= Optical manufacturing and testing =

Optical manufacturing and testing is the process of manufacturing and testing optical components. It spans a wide range of manufacturing procedures and optical test configurations.

The manufacture of a conventional spherical lens typically begins with the generation of the optic's rough shape by grinding a glass blank. This can be done, for example, with ring tools. Next, the lens surface is polished to its final form. Typically this is done by lapping—rotating and rubbing the rough lens surface against a tool with the desired surface shape, with a mixture of abrasives and fluid in between.
Typically a carved pitch tool is used to polish the surface of a lens. The mixture of abrasive is called slurry and it is typically made from cerium or zirconium oxide in water with lubricants added to facilitate pitch tool movement without sticking to the lens. The particle size in the slurry is adjusted to get the desired shape and finish.

Types of lapping include planetary lapping, double-sided lapping, and cylindrical lapping.

During polishing, the lens may be tested to confirm that the desired shape is being produced, and to ensure that the final shape has the correct form to within the allowed precision. The deviation of an optical surface from the correct shape is typically expressed in fractions of a wavelength, for some convenient wavelength of light (perhaps the wavelength at which the lens is to be used, or a visible wavelength for which a source is available). Inexpensive lenses may have deviations of form as large as several wavelengths (λ, 2λ, etc.). More typical industrial lenses would have deviations no larger than a quarter wavelength (λ/4). Precision lenses for use in applications such as lasers, interferometers, and holography have surfaces with a tenth of a wavelength (λ/10) tolerance or better. In addition to surface profile, a lens must meet requirements for surface quality (scratches, pits, specks, etc.) and accuracy of dimensions.

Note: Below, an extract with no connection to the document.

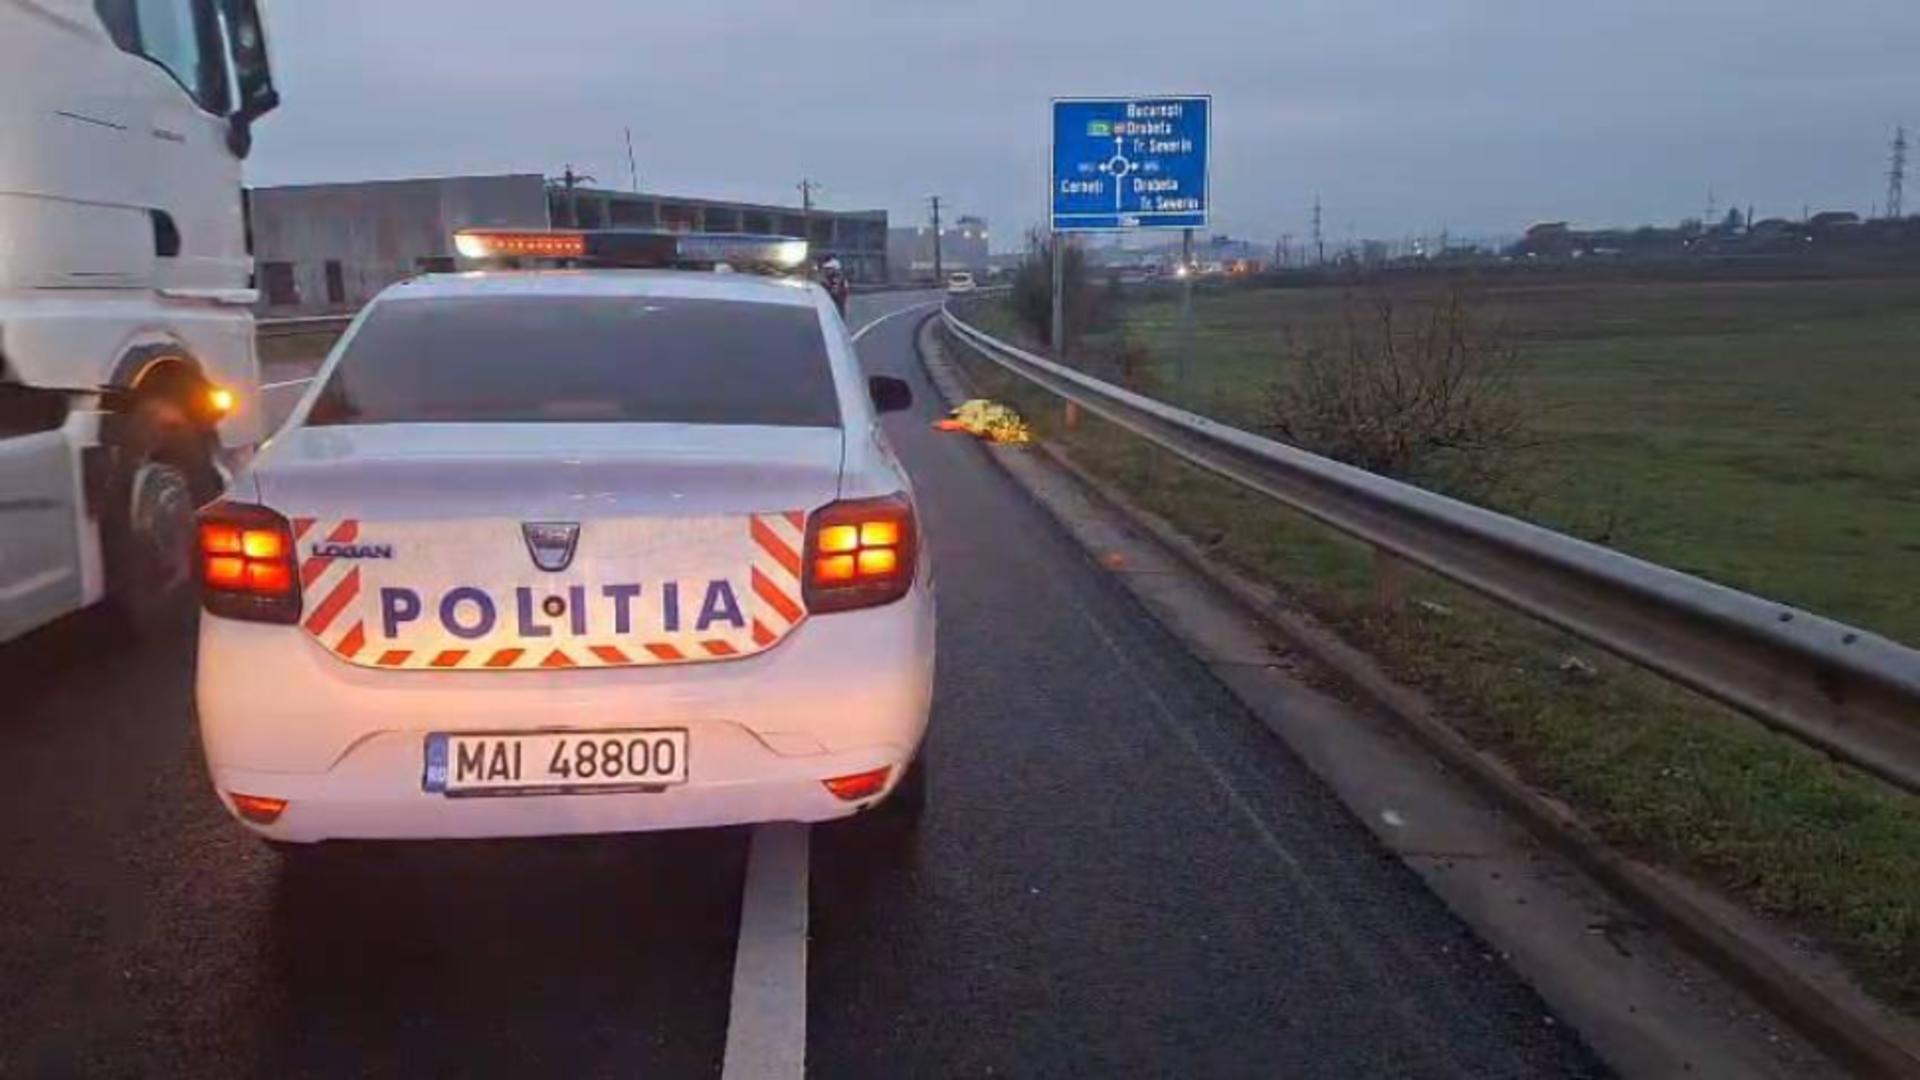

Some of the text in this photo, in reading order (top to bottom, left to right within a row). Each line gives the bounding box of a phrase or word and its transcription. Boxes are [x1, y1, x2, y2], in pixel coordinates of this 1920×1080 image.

[312, 543, 392, 560] LOGAN
[380, 580, 745, 639] POLITIA
[456, 738, 676, 782] MAI 48800

== Fabrication techniques ==

- Glass blank manufacturing
  - Batch mixing
  - Casting techniques
  - Annealing schedules and equipment
  - Physical characterization techniques
  - Index of refraction measurements and calculation of melt pedigree
- Diamond shaping techniques
  - Diamond wheel curve generation processes and equipment
  - Diamond edging processes and equipment
- Loose grit fabrication techniques:
  - Rough grinding
  - Fine grinding
  - Polishing and figuring
- Glass moulding techniques
  - Precision glass moulding

Unconventional techniques include single-point diamond turning (SPDT) and magnetorheological finishing (MRF).

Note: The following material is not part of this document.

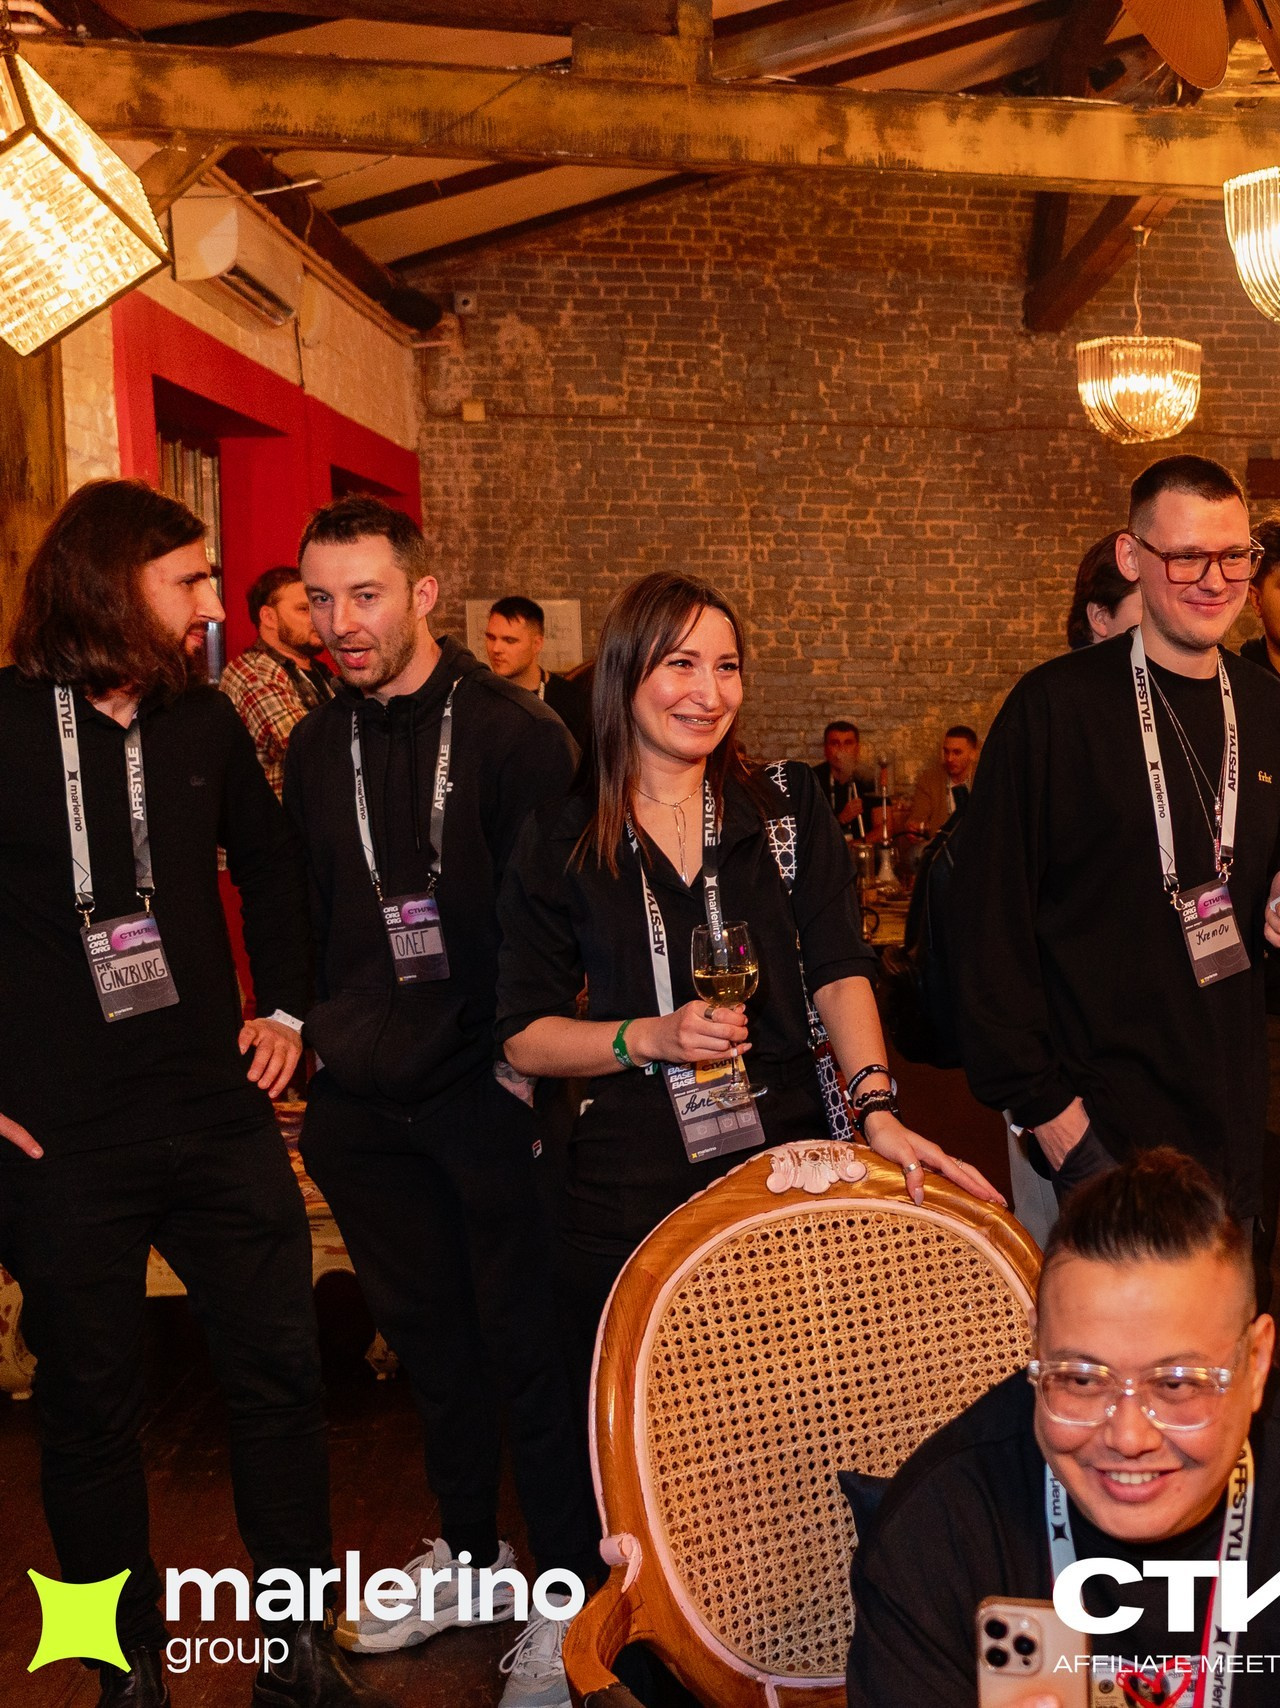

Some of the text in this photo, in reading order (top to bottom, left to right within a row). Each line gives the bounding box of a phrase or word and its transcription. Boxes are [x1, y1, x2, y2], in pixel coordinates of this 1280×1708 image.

=== Free-abrasive grinding ===
Free-abrasive grinding is a technique to grind down the surface of a material before polishing. It involves the use of small particles of grit to grind away small chips of material from the surface of an optical workpiece. The grit particles are known as free abrasives. The particles are added to a liquid slurry, which goes between a grinding plate and the material. Sliding motions between the grinding plate and the material are used.

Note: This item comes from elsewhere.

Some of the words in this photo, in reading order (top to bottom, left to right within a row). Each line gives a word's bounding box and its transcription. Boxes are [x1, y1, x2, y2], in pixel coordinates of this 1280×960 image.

After grinding, there is a small amount of surface roughness, which is based on the size of the grit. There is also a small amount of fracturing below the surface of the material, known as subsurface damage (SSD).

To reduce the amount of surface roughness and subsurface damage, additional grinding at a smaller grit size can be done. Typically, two or three stages of grinding are used, with the second and third stages having a size that is decreasing. For example, a typical set of grit stages is 30 micrometer, then 15 micrometer, then 9 micrometer. An alternate set of typical grit stages is 20 micrometer, then 12 micrometer, then 5 micrometer.

Types of abrasives include aluminium oxide, industrial diamond, and silicon carbide. Diamond is typically only used for grinding down very hard materials, or for certain crystals.

=== Polishing ===
Optics are polished in a slurry of abrasive particles, a fluid carrier, and optional additives. Types of abrasive particles that can be used include cerium(IV) oxide, diamond, aluminum oxide, and colloidal silica. Optional additives include suspension agents, lubricants, and detergents.

== Materials ==
There are various materials that can be used for optical components, including various types of glass, fused silica, silicon, and crystal quartz. Calcium fluoride (CaF_{2}) can be used as an optical material, although it is easily fractured and scratched.

Materials for infrared optical components include zinc selenide (ZnSe), zinc sulfide (ZnS), and gallium arsenide (GaAs).

== Specifications ==
The specifications for optical components vary based on their type:

Specifications for prisms include pyramidal error, beam path, beam displacement and deviation, base angle, roof edge chips, wavefront, and polarization.

Specifications for aspheric lenses include base radius with tolerance, conic and polynomial coefficients, best-fit sphere reference, sag table reference, sag error tolerance, slope errors versus bandwidth, wavefront per specified test, tilt, and decenter.

Optical coating specifications include apertures, reflection, transmission, absorption, phase shift, adhesion, abrasion resistance, and damage threshold.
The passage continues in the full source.